Pot on seedlings as they grow; not a perennial repot for wild radish. Wild Radish is a seasonal crop, so you pot it on as a growing plant rather than repotting a perennial. Step seedlings up gradually into tolerates poor, disturbed, or sandy soils; prefers well-drained loam so the roots never circle the cell, ending in a large final container. A root-bound transplant stalls and never fully recovers.

What size pot does wild radish need?

Pot wild radish on gradually — a seedling jumped straight into a huge pot sits in cold, wet, airless soil and stalls. Step up one or two sizes at a time as the roots fill each container, finishing in a large final pot or the ground. The aim is roots that never circle and never check. Use our pot size calculator to size it from the plant's current pot and root spread.

When is the best time of year to repot wild radish?

Pot wild radish on through the active growing season, whenever roots fill the current container — there is no single date, just "before it becomes root-bound". Avoid potting on during a cold snap.

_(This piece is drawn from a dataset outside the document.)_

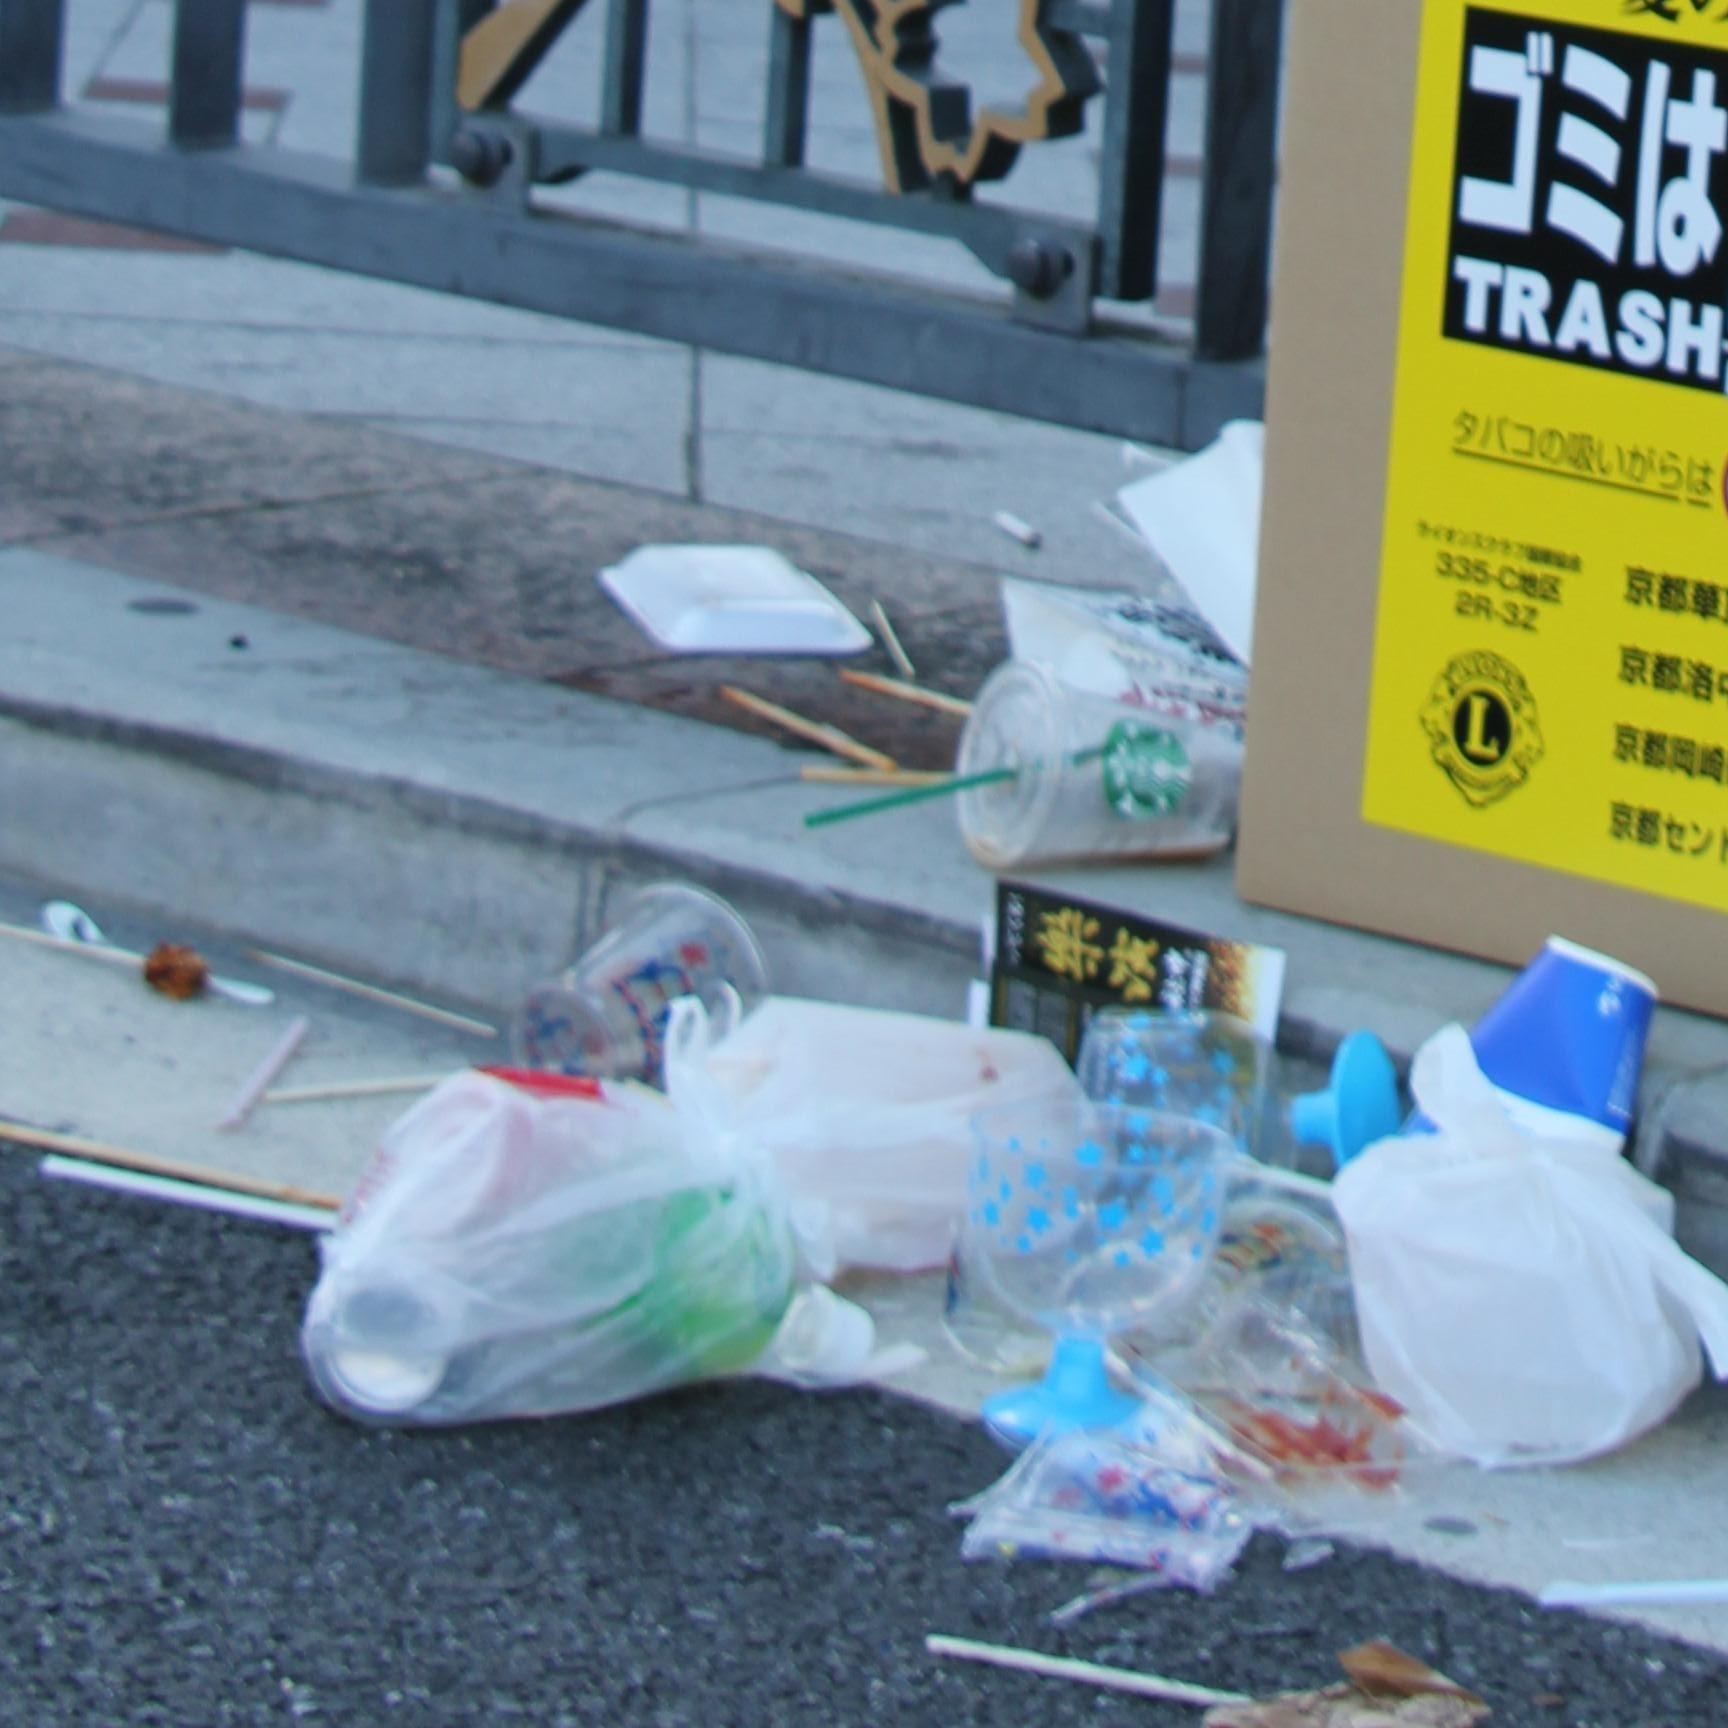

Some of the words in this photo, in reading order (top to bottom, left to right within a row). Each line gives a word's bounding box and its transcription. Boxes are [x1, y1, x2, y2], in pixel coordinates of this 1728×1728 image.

[1459, 31, 1728, 275] ゴミは
[1455, 255, 1722, 380] TRASH
[1453, 409, 1716, 497] タバコの吸いがらは

Can you put wild radish straight into a much bigger pot?

No. Even a fast-growing wild radish should only go up one pot size at a time. A vastly oversized pot holds a reservoir of wet soil the roots cannot reach, which stays cold and soggy and rots the roots — the opposite of what you wanted.

Should you fertilise wild radish after repotting?

Not immediately. Wait about 1 week after repotting wild radish. Fresh mix already contains nutrients, and feeding freshly cut or disturbed roots burns them. Resume your normal feeding routine once you see new growth.